Peso tiene su peor semestre desde 1995, cuando tipo de cambio se volvió flotante

El peso mexicano ha terminado un semestre desastroso, para la historia. La pandemia de Covid-19 arrasó con prácticamente todas las monedas del mundo. En el caso del peso mexicano, provocó que este viviera su peor desempeño para un primer semestre desde los efectos que se sintieran en 1995, posterior al colapso de regímenes de tipo de cambio controlado implementados por los gobiernos de aquella época.

Es decir, el peso registró su peor primer semestre en 25 años al caer 22.37 por ciento. Este resultado es, de hecho, también la segunda mayor debacle semestral para la moneda mexicana, sólo superada por ella caída de 34.03 por ciento que reportó para el segundo semestre de 2008 por la crisis de las hipotecas.

Es importante decirlo, la debacle del peso obedeció al factor externo, pero también estuvo influenciada por la fragilidad de la economía mexicana que se traduce en una expectativa de desplome de su PIB de hasta 10.5 por ciento por parte del Fondo Monetario Internacional (FMI) para este año, así como de la pérdida de más de 1 millón de puestos formales de trabajo más los que se pierdan en el sector informal.

En este contexto, la falta de un programa de estímulo fiscal ha sido un elemento clave que ha profundizado la debilidad del peso ya que se espera que esto provoque que la recuperación de la economía mexicana sea lenta y prolongada, no en forma de ‘V’ como se señala en el gobierno, sino con una figura plana, de bajo crecimiento.

Este semestre acudimos a la mayor debacle del peso para un primer semestre en décadas; es de hecho la caída más profunda para nuestra moneda desde los grandes periodos devaluatorios que existían en los regímenes de tipo de cambio controlado, en los primeros seis meses de un año.
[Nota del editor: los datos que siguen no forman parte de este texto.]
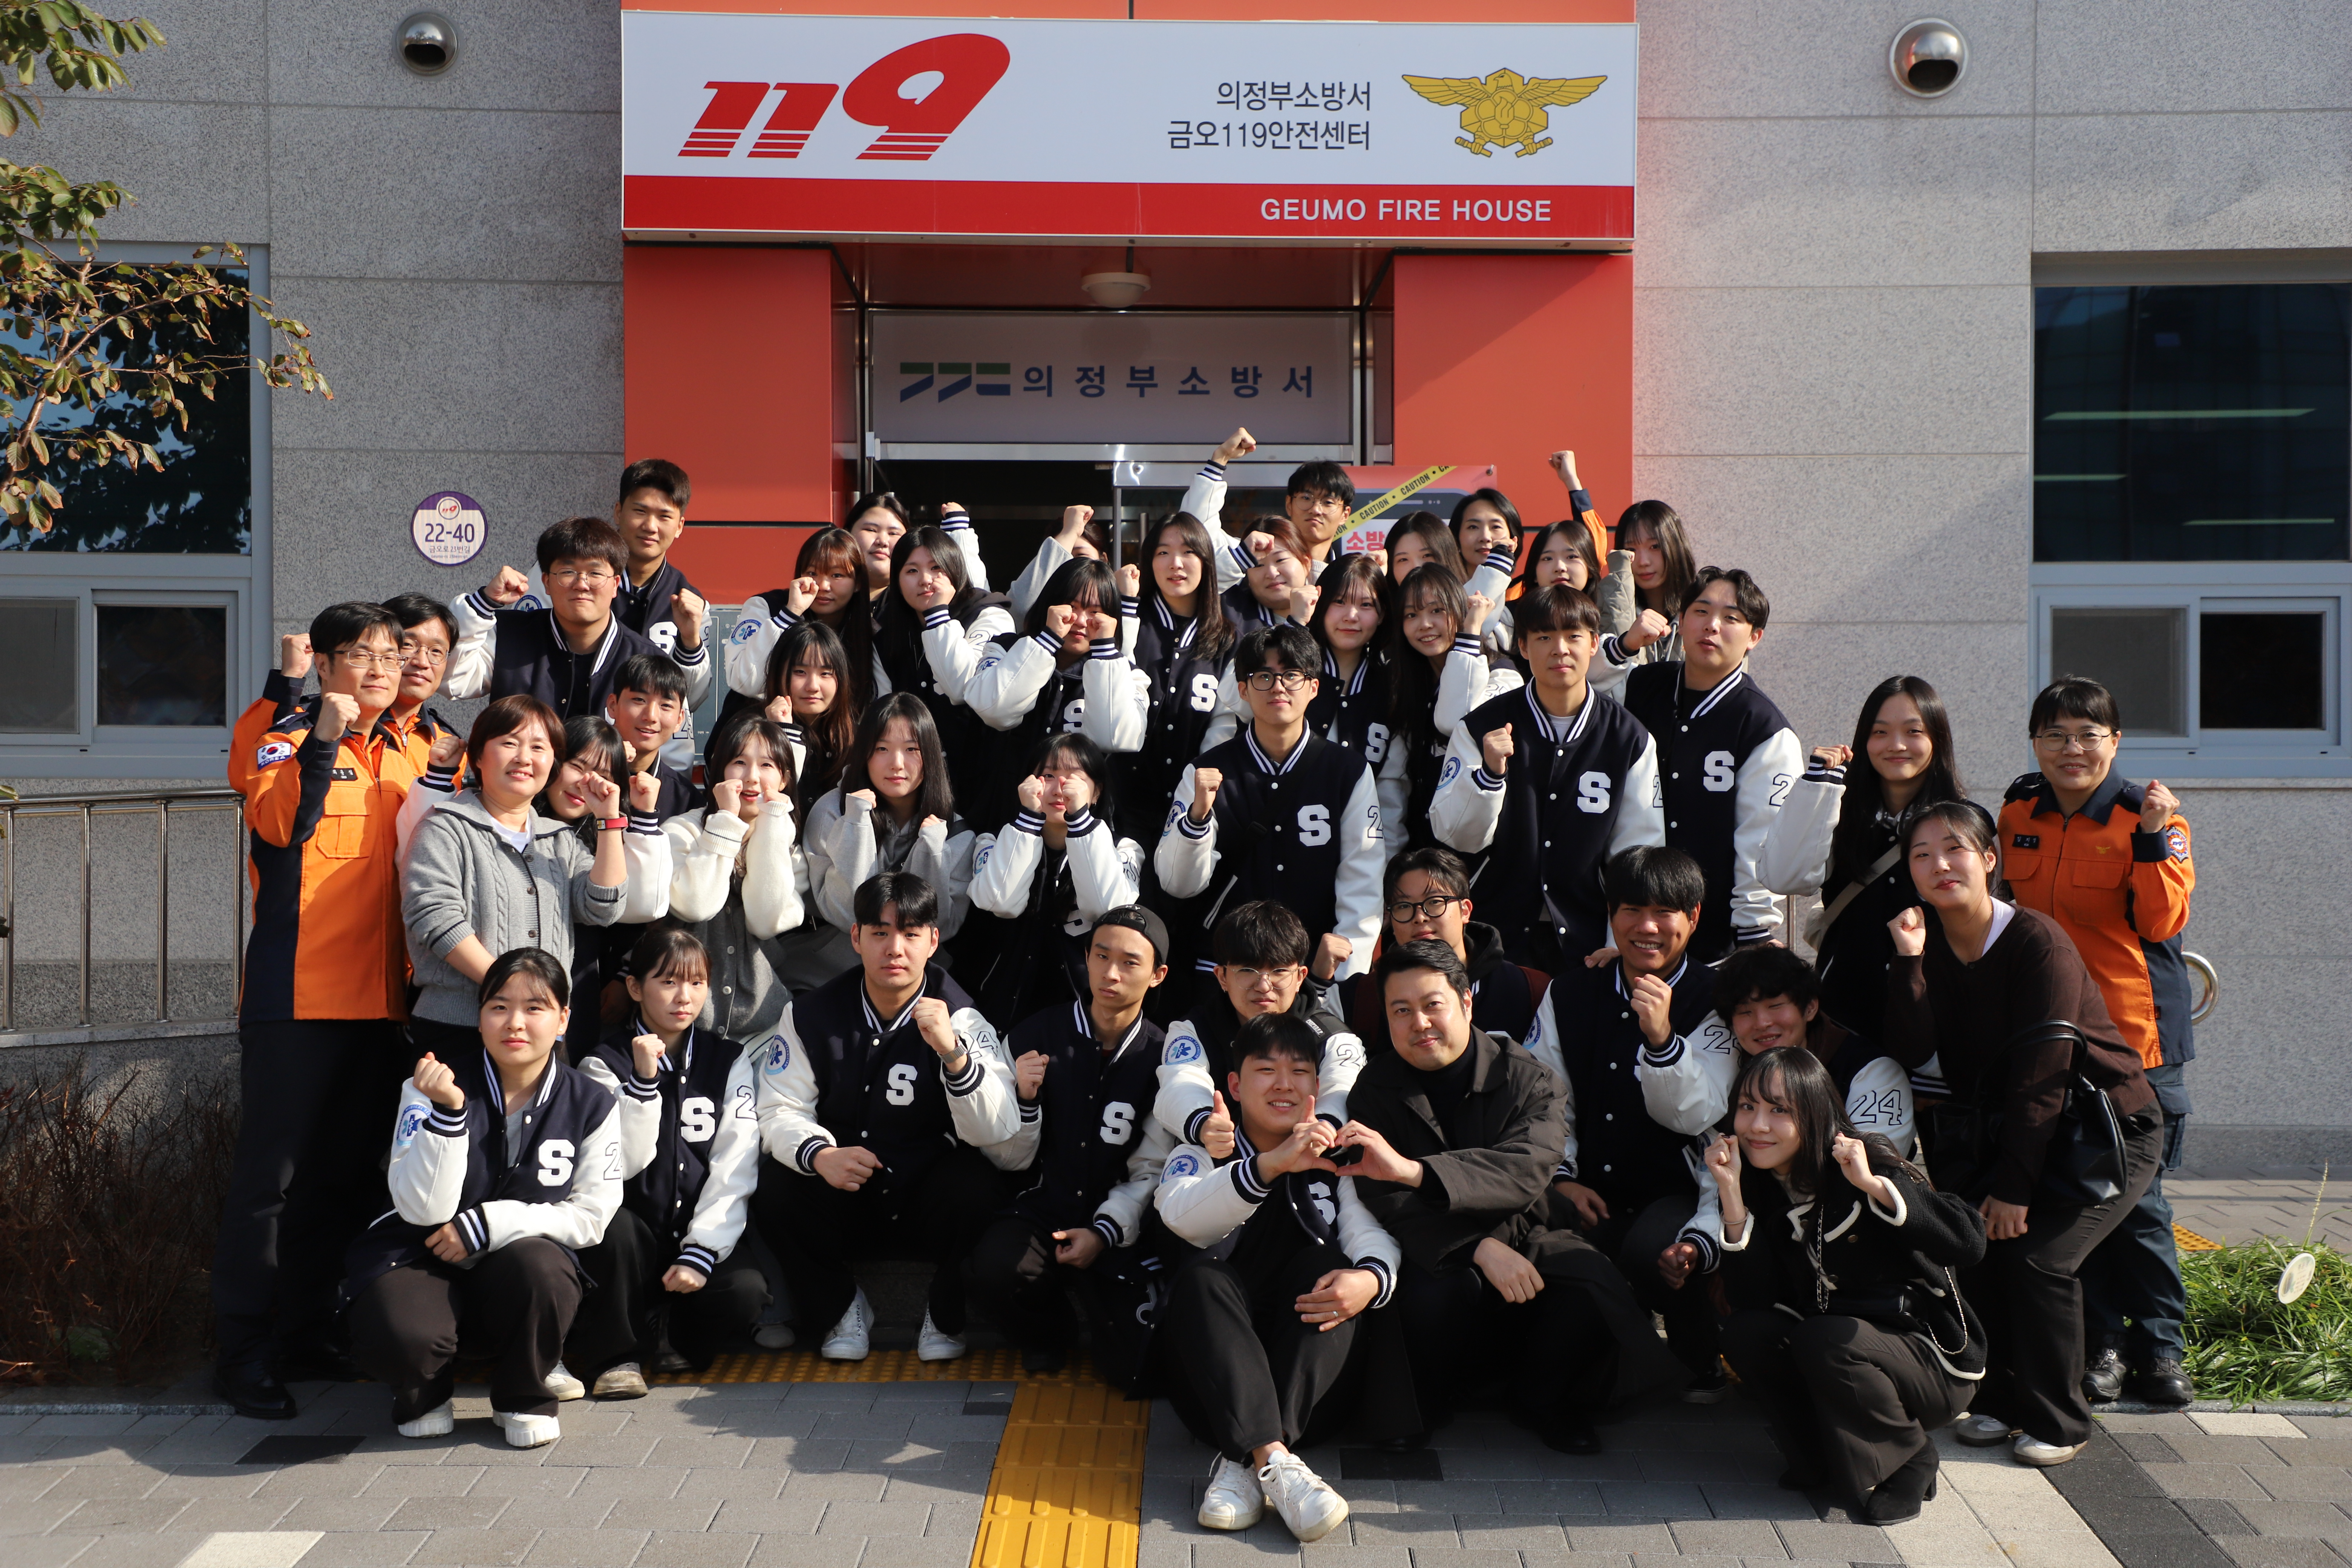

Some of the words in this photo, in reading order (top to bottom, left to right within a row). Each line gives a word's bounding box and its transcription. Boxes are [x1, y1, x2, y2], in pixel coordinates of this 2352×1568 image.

La crónica de la debacle del peso nos habla de un inicio de año con expectativas favorables; la moneda mexicana había cotizado al cierre del año pasado en niveles de 18.92 unidades por dólar y en los dos primeros meses de este 2020 mantuvo su trayectoria apreciativa hasta colocarse ligeramente arriba de 18.55 pesos a mediados de febrero pasado, lo que representaba una ganancia para nuestra moneda, en ese momento, de 1.76 por ciento.